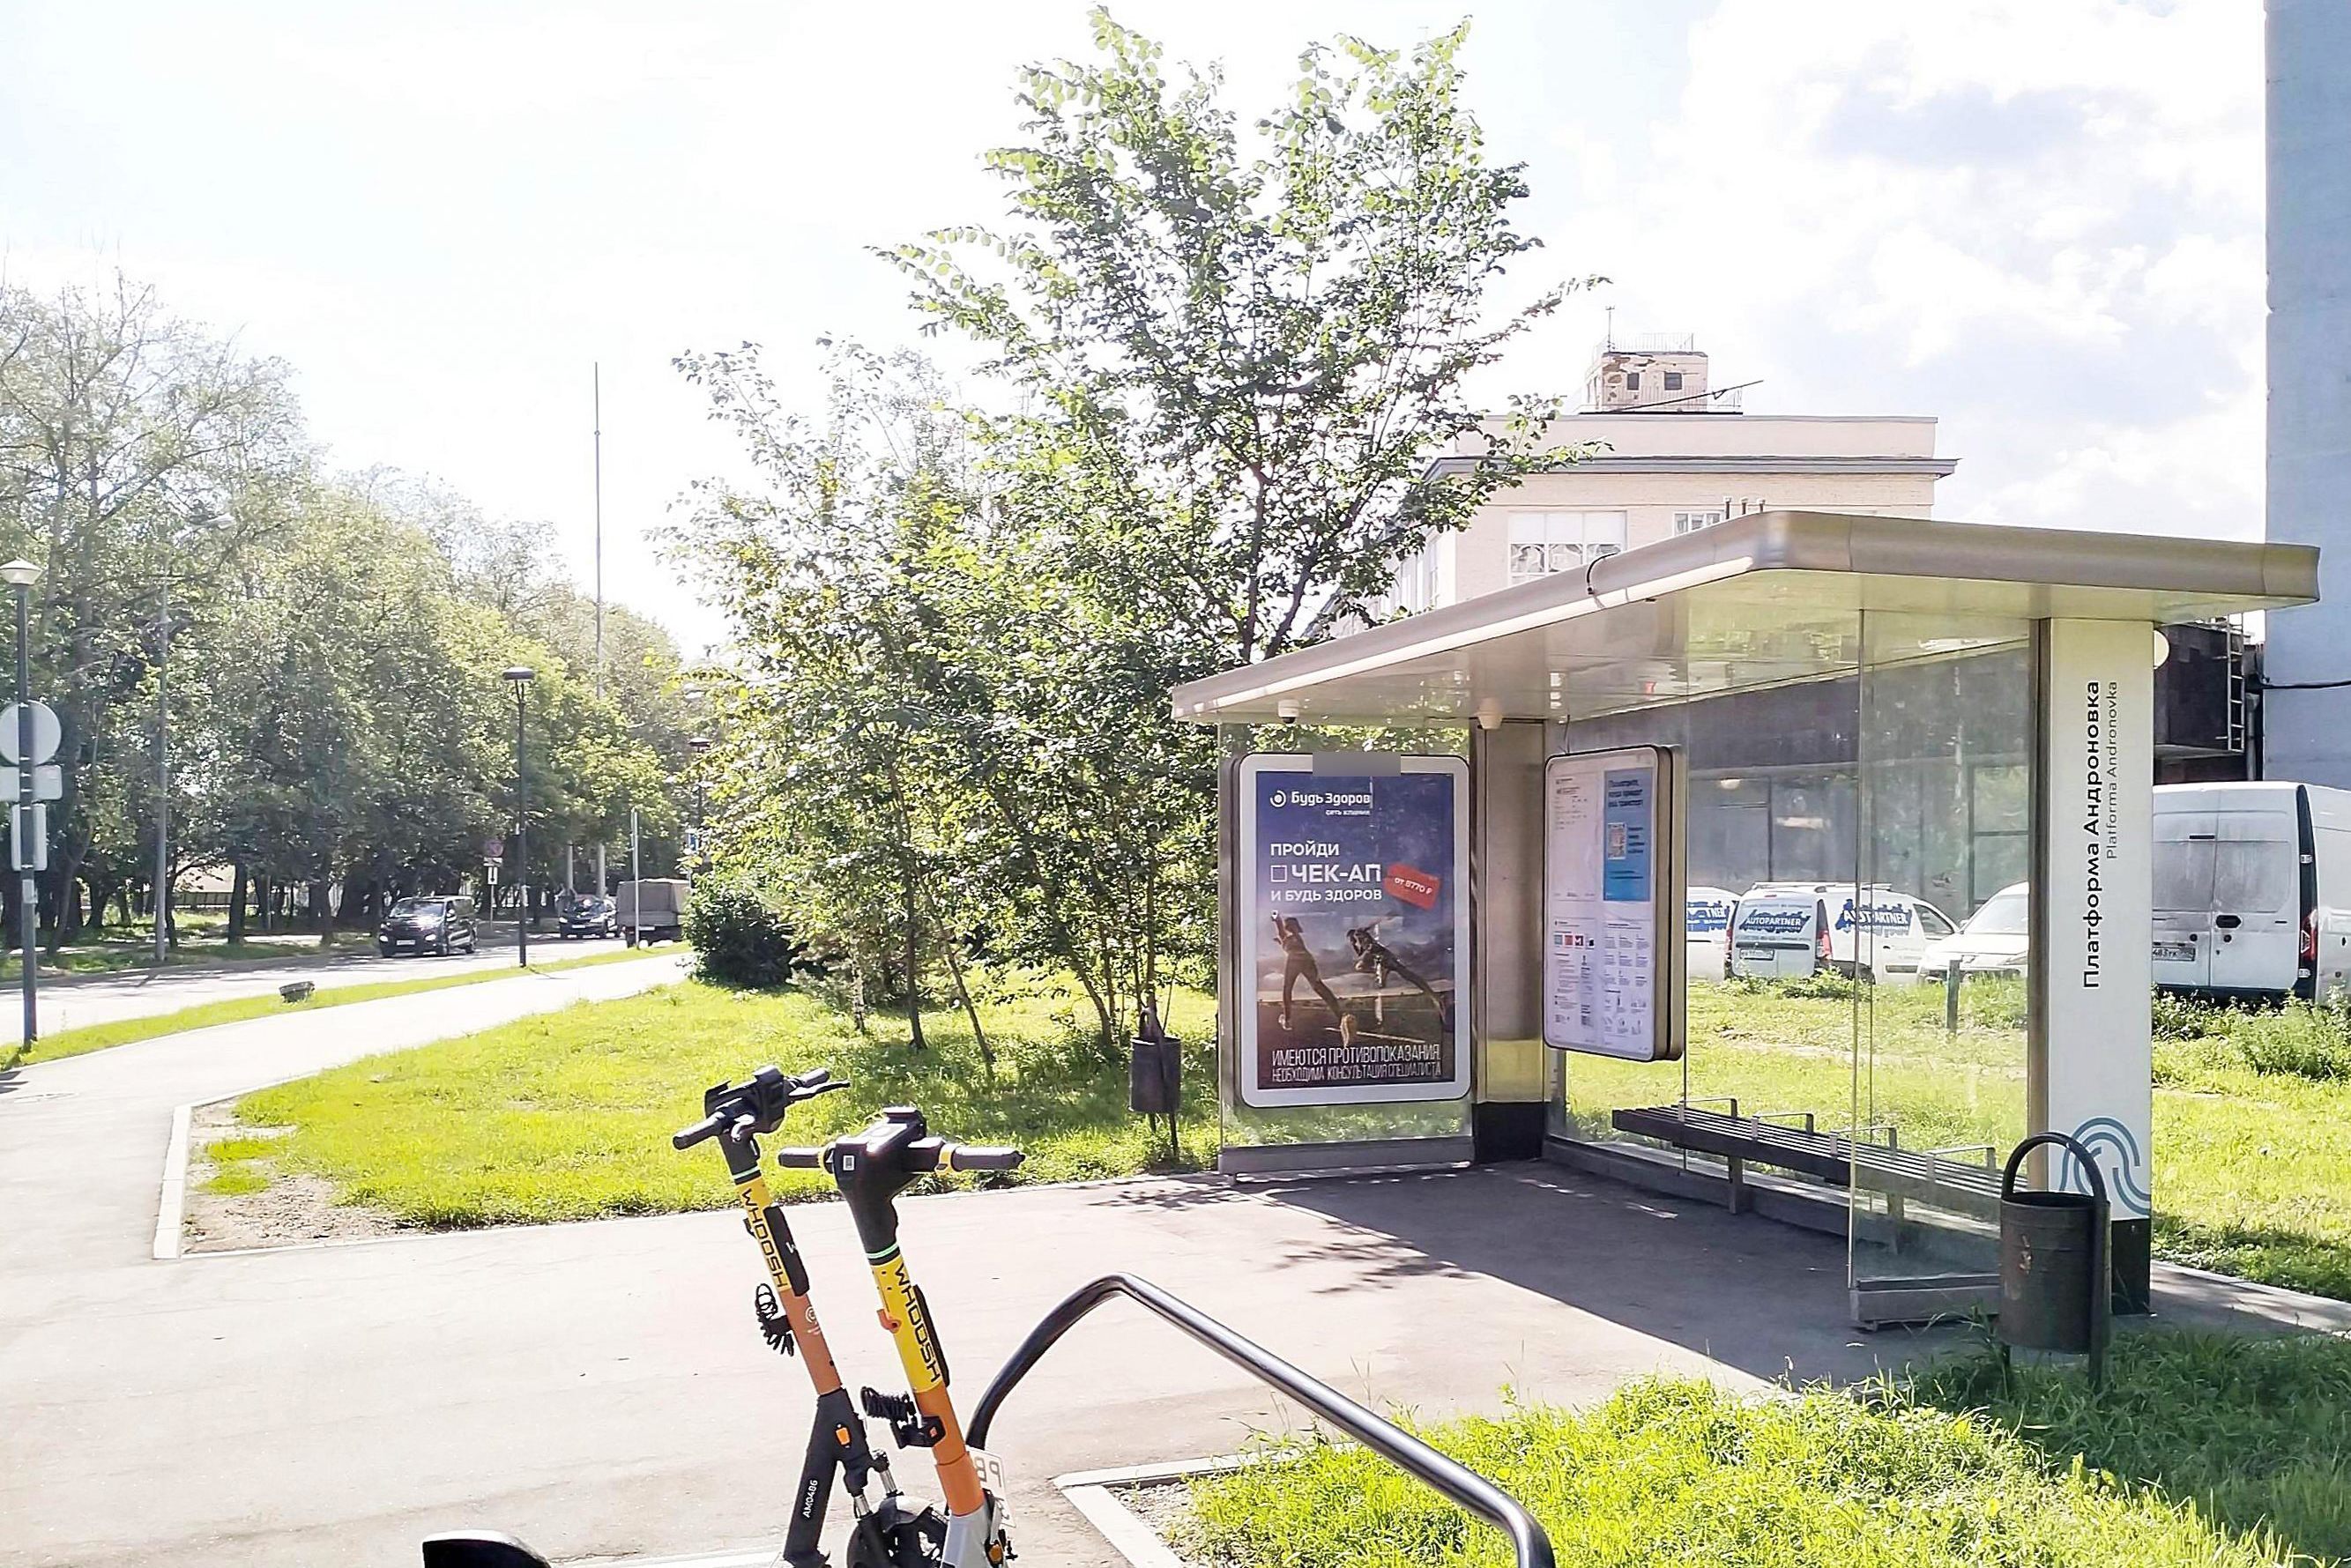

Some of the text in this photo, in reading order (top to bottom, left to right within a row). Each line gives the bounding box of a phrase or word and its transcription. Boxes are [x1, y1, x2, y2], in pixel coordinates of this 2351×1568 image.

[2106, 681, 2117, 859] Platforma Andronovka
[1291, 791, 1371, 806] Будь Здоров
[2082, 680, 2102, 988] Платформа Андроновка
[1270, 841, 1340, 858] ПРОЙДИ
[1291, 864, 1381, 883] ЧЕК-АП
[1270, 889, 1382, 903] И БУДЬ ЗДОРОВ
[1745, 917, 1802, 926] AUTOPARTNER
[1272, 1048, 1327, 1066] ИМЕЮТСЯ
[1272, 1061, 1441, 1082] НЕОБХОДИМА КОНСУЛЬТАЦИЯ СПЕЦИАЛИСТА
[741, 1188, 788, 1288] WHOOSH
[895, 1262, 941, 1382] WHOOSH
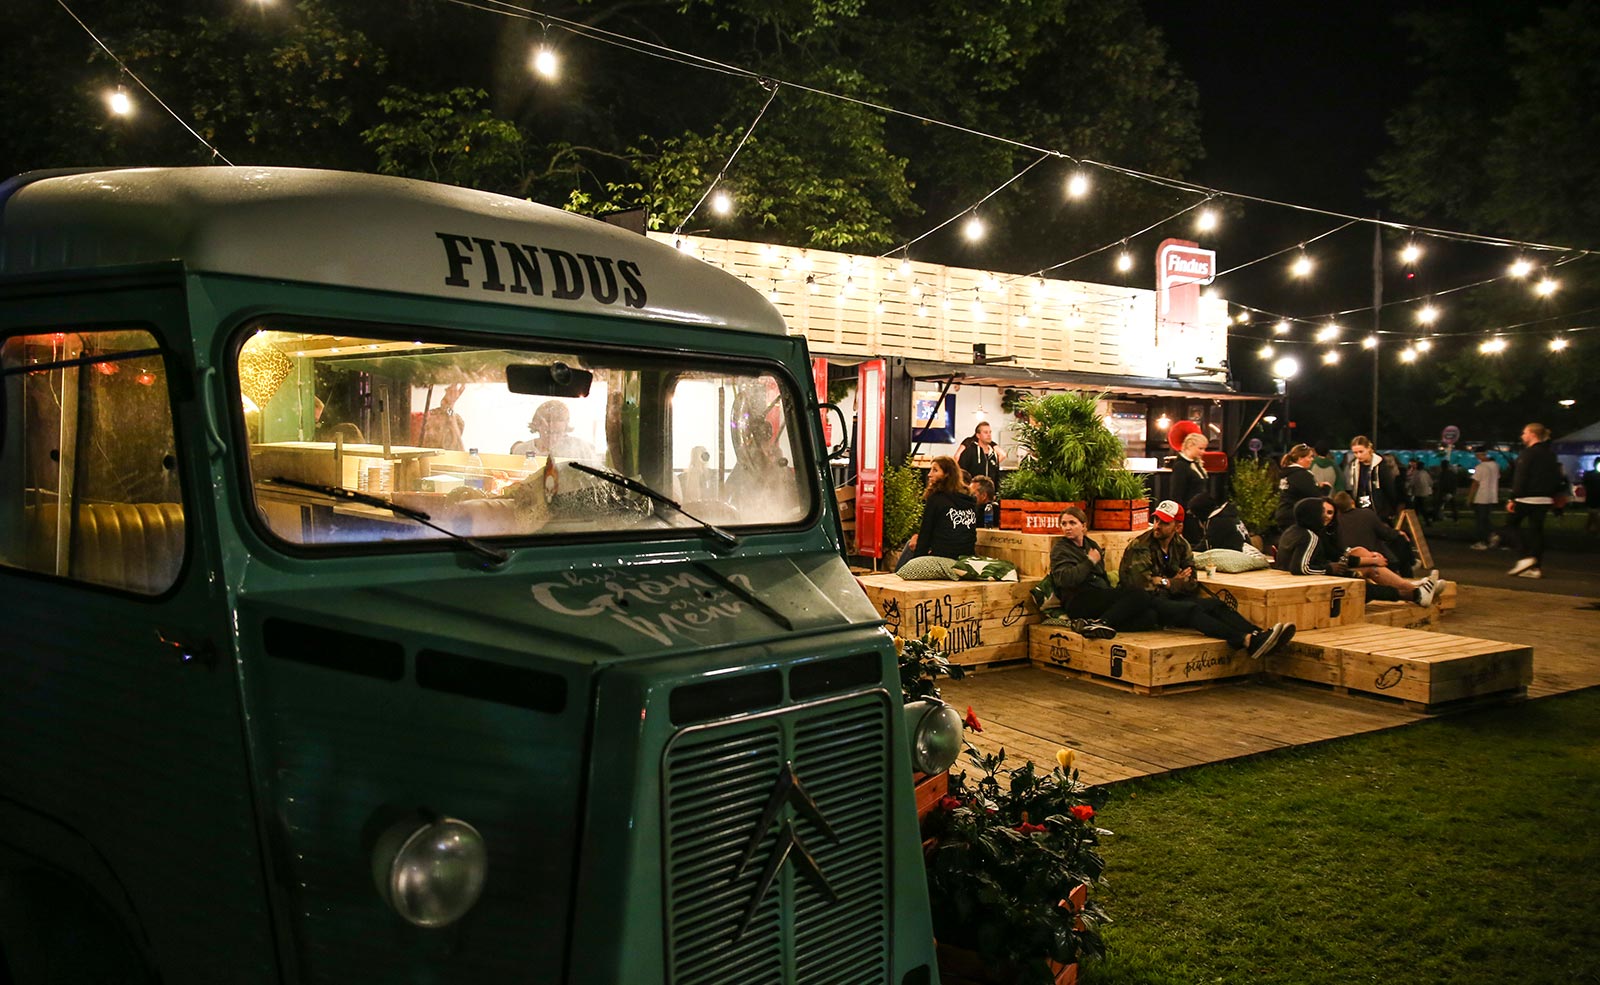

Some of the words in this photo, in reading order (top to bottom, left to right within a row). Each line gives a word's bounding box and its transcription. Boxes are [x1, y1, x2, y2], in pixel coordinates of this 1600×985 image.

[435, 232, 648, 309] FINDUS
[1168, 254, 1209, 275] Findus
[915, 594, 952, 638] PEAS
[955, 604, 972, 620] OUT
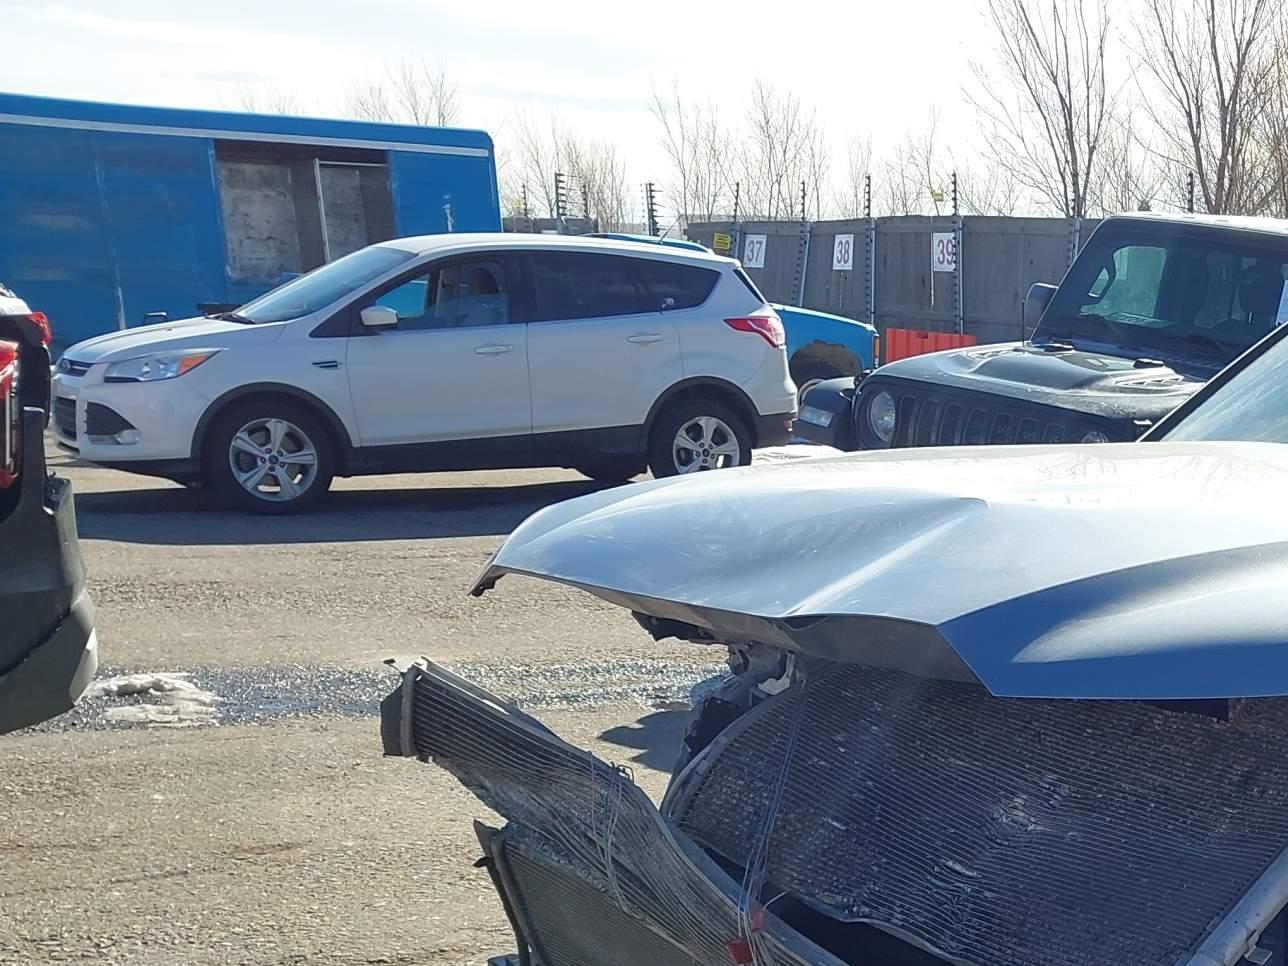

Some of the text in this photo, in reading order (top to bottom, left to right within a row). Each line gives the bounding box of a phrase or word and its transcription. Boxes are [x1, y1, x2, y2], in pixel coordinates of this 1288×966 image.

> WORK TASK:
Print the material in full and exactly, minus the pictures.

> ANSWER TO THIS PROBLEM:
Some of the text in this photo, in reading order (top to bottom, left to right within a row). Each line gives the bounding box of a phrase or word and its transcription. Boxes are [x1, y1, x2, y2], in pixel coordinates of this 2351×1568 image.

[2106, 681, 2117, 859] Platforma Andronovka
[1291, 791, 1371, 806] Будь Здоров
[2082, 680, 2102, 988] Платформа Андроновка
[1270, 841, 1340, 858] ПРОЙДИ
[1291, 864, 1381, 883] ЧЕК-АП
[1270, 889, 1382, 903] И БУДЬ ЗДОРОВ
[1745, 917, 1802, 926] AUTOPARTNER
[1272, 1048, 1327, 1066] ИМЕЮТСЯ
[1272, 1061, 1441, 1082] НЕОБХОДИМА КОНСУЛЬТАЦИЯ СПЕЦИАЛИСТА
[741, 1188, 788, 1288] WHOOSH
[895, 1262, 941, 1382] WHOOSH

Some of the words in this photo, in reading order (top to bottom, left to right within a row). Each line gives a word's bounding box and its transcription. Boxes are [x1, y1, x2, y2], in pixel coordinates of this 1600×985 image.

[435, 232, 648, 309] FINDUS
[1168, 254, 1209, 275] Findus
[915, 594, 952, 638] PEAS
[955, 604, 972, 620] OUT

Some of the text in this photo, in reading order (top to bottom, left to right within a row). Each line gives the bounding box of a phrase or word and its transcription. Boxes are [x1, y1, x2, y2], in pixel coordinates of this 1288×966 image.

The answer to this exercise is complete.